UK Hails £5m Hardware Security Research Center

A new research institute was opened at Queen’s University Belfast yesterday with aspirations to become a world leading center in the field of hardware and embedded systems security.

The £5m ($6.7m) Research Institute in Secure Hardware and Embedded Systems (RISE) is located at the university’s Centre for Secure Information Technologies (CSIT).

However, projects will be led by experts at Queen’s as well as research partners from the University of Cambridge, University of Bristol and University of Birmingham.

It is being funded by the Engineering and Physical Sciences Research Council (EPSRC) and the National Cyber Security Centre (NCSC), with cryptography expert Maire O’Neill selected as its director.

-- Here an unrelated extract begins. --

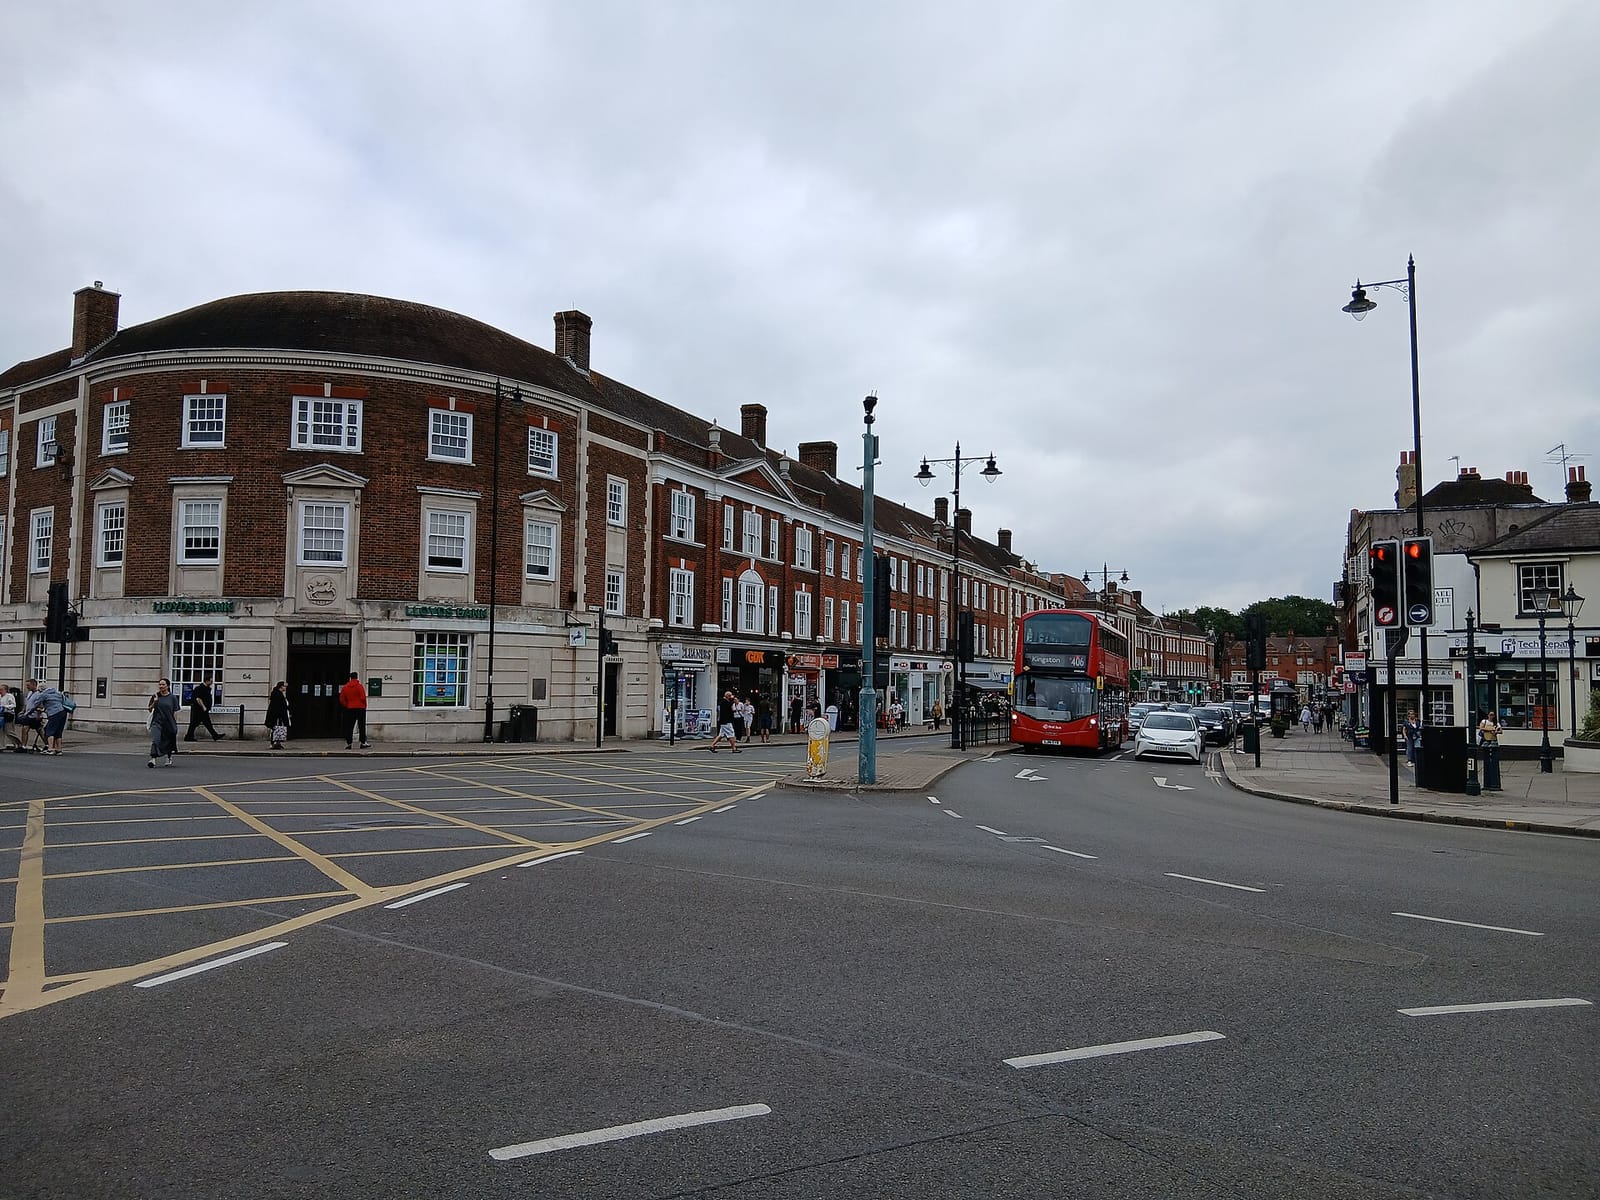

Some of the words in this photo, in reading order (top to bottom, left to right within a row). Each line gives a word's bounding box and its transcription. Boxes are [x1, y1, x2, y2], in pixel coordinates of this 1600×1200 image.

“RISE is in an excellent position to become the go-to place for high quality hardware security research. A key aim is to bring together the hardware security community in the UK and build a strong network of national and international research partnerships,” she said in a statement.

“We will also work closely with leading UK-based industry partners and stakeholders, transforming research findings into products, services and business opportunities, which will benefit the UK economy.”

As one of four cybersecurity institutes in the UK, RISE is being touted as a future hub for global research and innovation in the field of hardware and embedded security.

There’s certainly a market demand for ways to improve security by design in such products.

The Mirai attacks of last year highlighted for the first time just how exposed many commercial IoT devices are to hackers — with potentially significant impacts.

Earlier this year, former Trend Micro CTO Raimund Genes called on the European Union to develop and enforce new smart device security standards for the region, after the vendor’s research revealed that millions of embedded and connected systems in the US are exposed to the public internet.

“I think that the inclusion of hardware-based security capabilities in commodity devices could be a game changer in our fight to reduce the harm of cyber-attacks and so I’m really pleased to see a strong set of initial research projects,” argued NCSC technical director, Ian Levy.